On arrival, full of tiredness and maybe a bit of trepidation, a new place can be overwhelming. Exhausted, I start again, make new friends, find more work so I don’t end up back home tail between my legs. But this new place is different. It has a unique vibe different to the last. The people smile, laugh and relax in different manners to the last place. Any reasoning to the contrary, to me, is like someone who wont try a new food because they think they wont like it. It’s the same bullshit idea that the ignorant person in a circle of friends may insist, ‘I’m not fussed about going to South East Asia, once you’ve been to one of those countries, you’ve seen them all.’
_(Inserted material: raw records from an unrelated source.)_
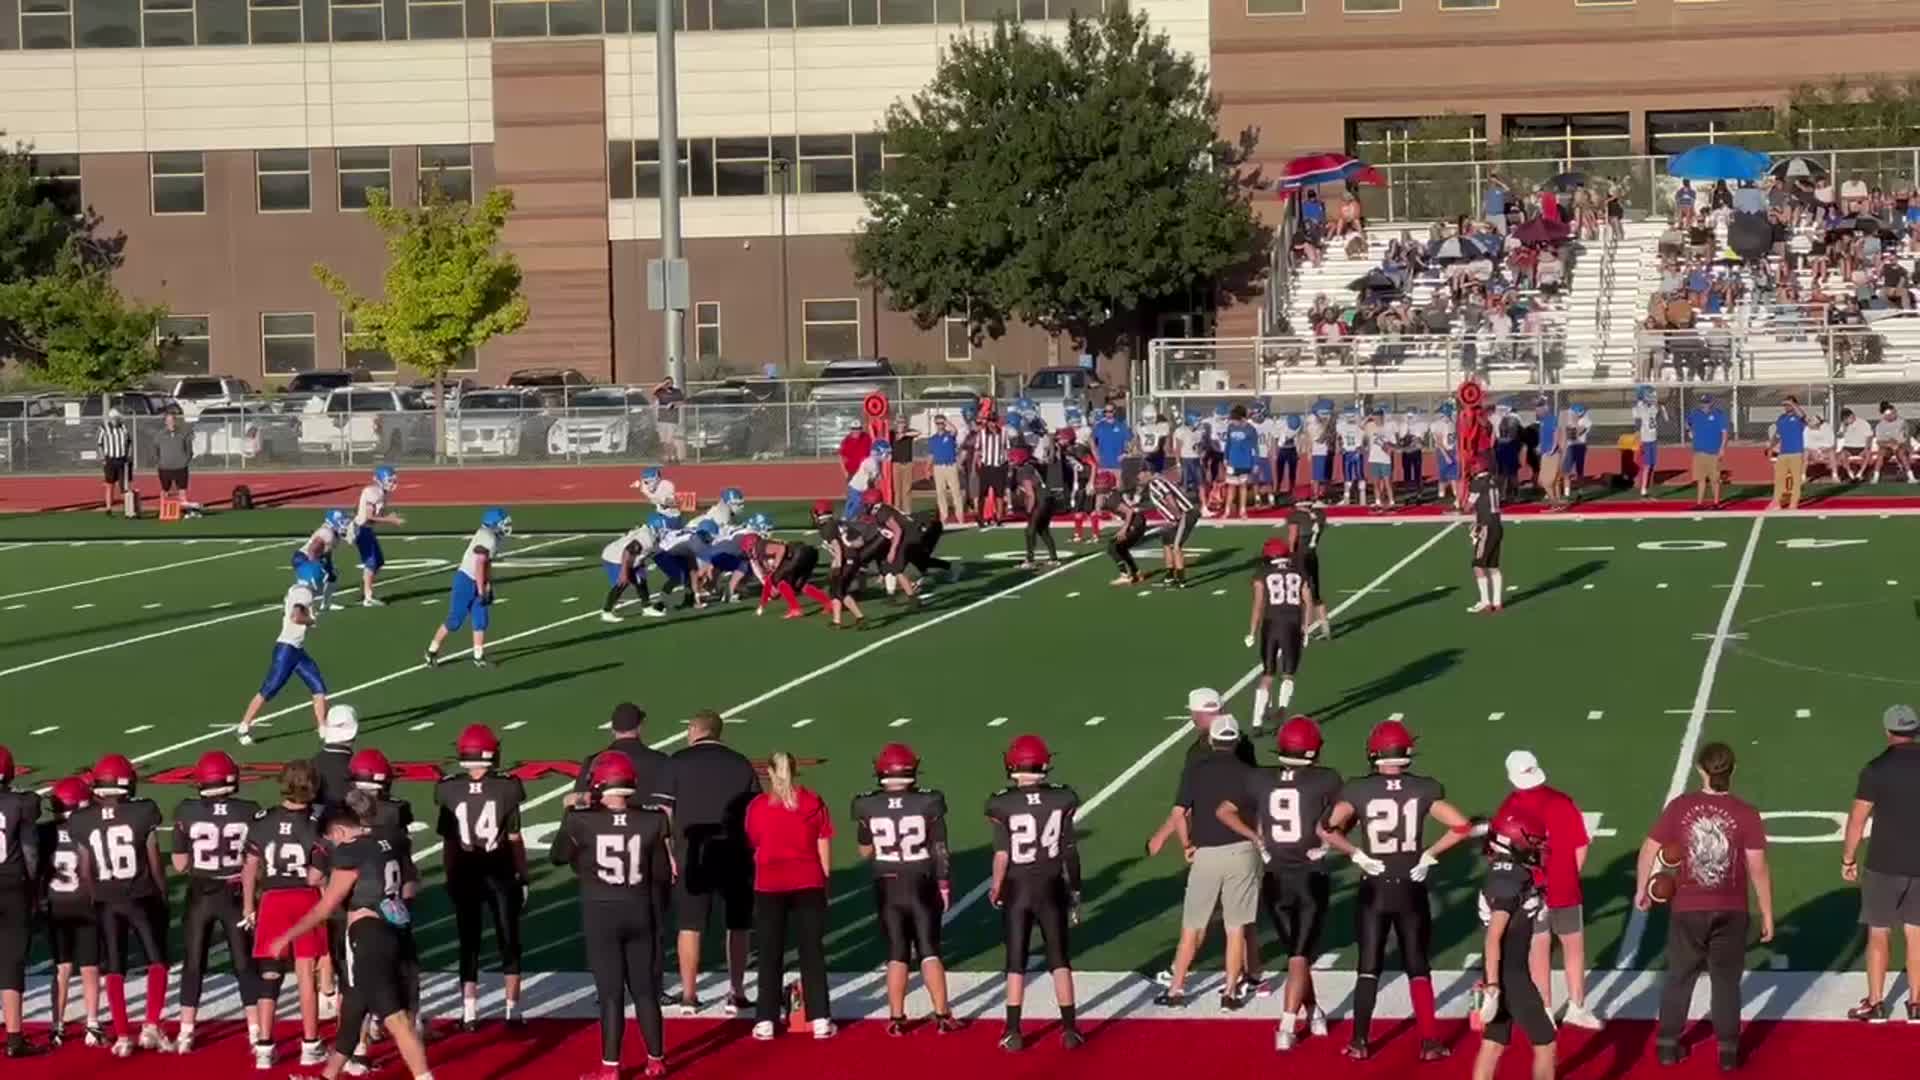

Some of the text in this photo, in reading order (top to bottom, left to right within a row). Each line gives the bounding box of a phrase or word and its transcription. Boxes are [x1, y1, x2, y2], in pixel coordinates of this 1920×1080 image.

[1266, 573, 1302, 605] 88
[469, 782, 482, 794] H
[887, 797, 903, 809] H
[1026, 793, 1042, 805] H
[101, 807, 115, 820] H
[213, 803, 228, 816] H
[454, 800, 499, 852] 14
[613, 813, 628, 826] H
[1269, 788, 1302, 843] 9
[1366, 798, 1418, 854] 21
[189, 821, 249, 870] 23
[279, 822, 293, 835] H
[869, 815, 929, 862] 22
[1009, 809, 1062, 863] 24
[88, 824, 137, 881] 16
[264, 842, 307, 878] 13
[596, 834, 643, 885] 51
I must say, to digress for just a moment, I feel sorry for those people, imagine living your whole life convincing yourself you don’t want to go somewhere, being satisfied with just looking at pictures of places, or being too scared to go to them yourself. I haven’t been anywhere quite so vast as Australia, where the in-country culture and geographic differences between cities are so wide. For instance in Melbourne in the winter, you could be in Europe, navigating cold winds, sheets of rain and plummeting temperatures. In Darwin, it’s just dry and hot rather than wet and humid. And that’s before you count the massive range of flora and fauna between just those particular cities. Or to illustrate my point better, in Western Australia alone the colour of the ground varies wildly from south where it stays green for most of the year among the wine valleys and forest coastal lands, and deep crimson red in the deserts and the Kimberley in the north and inland.
||So I land in Brisbane, ready to start the next mini chapter in the book I like to call ‘Lucy impersonates the hungry caterpillar by guzzling as many places as she can’.
I’ve had seven courses (actually counted), served on a straw trilby with a pair of parachute pants and I’m still famished.